Выход! Иду на войну. Глупо? Очень. Постыдно?

Полно же, мне ведь некуда деть себя. Хоть крупицу иных ощущений. А ведь этой пресыщенности не было два года назад. Старею, что ли?

7 августа.

Пишу в вагоне. Только сейчас выехали из Воронежа. Завтра слезать в Каменской. Решил твердо: иду за «веру, царя и отечество».

12 августа.

Мне устроили торжественные проводы. Атаман подвыпил и двигал зажигательную речь.
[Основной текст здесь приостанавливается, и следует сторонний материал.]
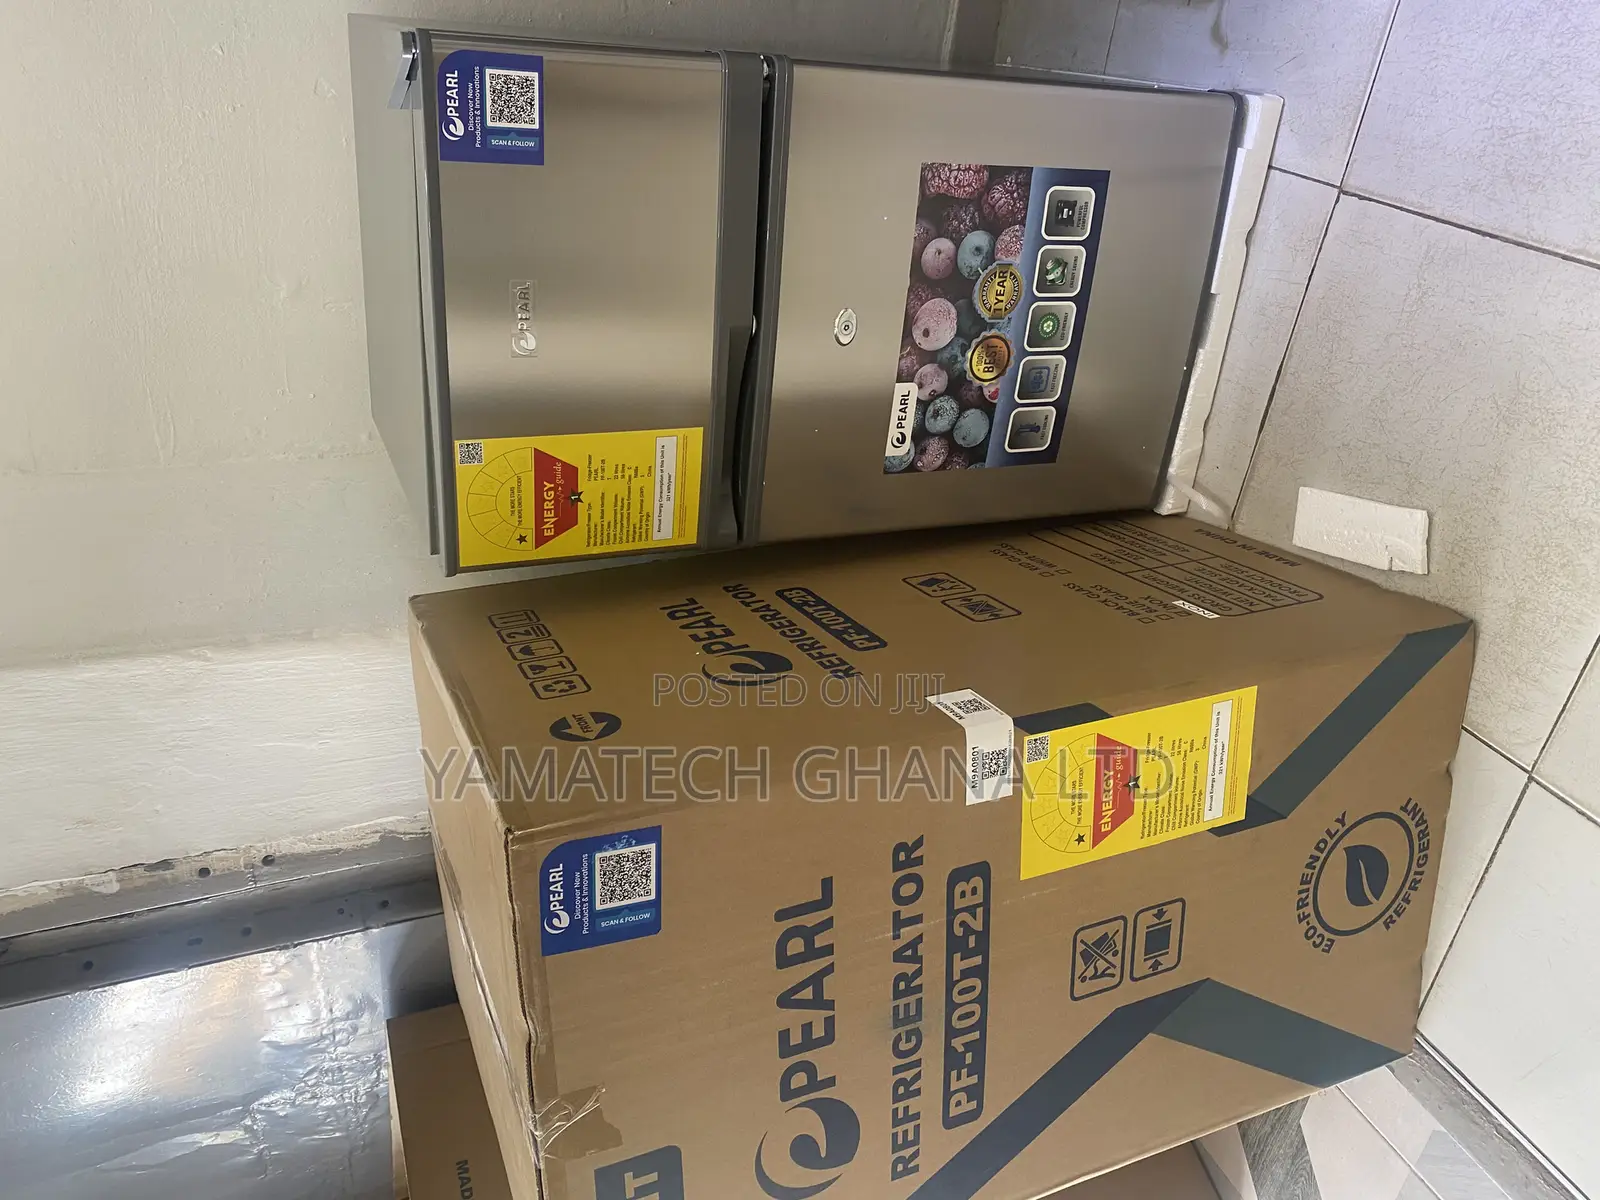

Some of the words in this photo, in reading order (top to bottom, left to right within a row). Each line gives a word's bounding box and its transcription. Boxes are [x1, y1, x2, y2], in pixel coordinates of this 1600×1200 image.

После я ему сказал шепотом: «Дурак вы, Андрей Карпович!» Он изумился и обиделся до зелени на щеках. Прошипел язвительно: «А тоже образованный. Вы не из тех, каких мы в тысяча девятьсот пятом году пороли плетьми?» Я ответил, что, к моему сожалению, «не из тех». Отец плакал и лез целоваться, а нос в соплях. Бедный милый отец! Тебя бы в мою шкуру. Я ему в шутку предложил идти со мной на фронт, и он испуганно воскликнул: «Что ты, а хозяйство?» Завтра выезжаю на станцию.

13 августа.

Неубранные кое-где хлеба. Жирные на кургашках сурки. Разительно похожи на тех немцев на дешевой литографии, которых Козьма Крючков нанизывает на пику. Жил-был, здравствовал, изучал математику и прочие точные науки и никогда не думал, что стану таким «шовинистом». Уж в полку я с казаками погутарю.

22 августа.

На какой-то станции видел первую партию пленных. Статный австрийский офицер со спортсменской выправкой шел под конвоем на вокзал. Ему улыбнулись две барышни, гулявшие по перрону. Он на ходу очень ловко раскланялся и послал им воздушный поцелуй.

Даже в плену чисто выбрит, галантен, желтые краги лоснятся. Я проводил его взглядом: красивый молодой парень, милое товарищеское лицо. Столкнись с таким — и рука шашку не поднимет.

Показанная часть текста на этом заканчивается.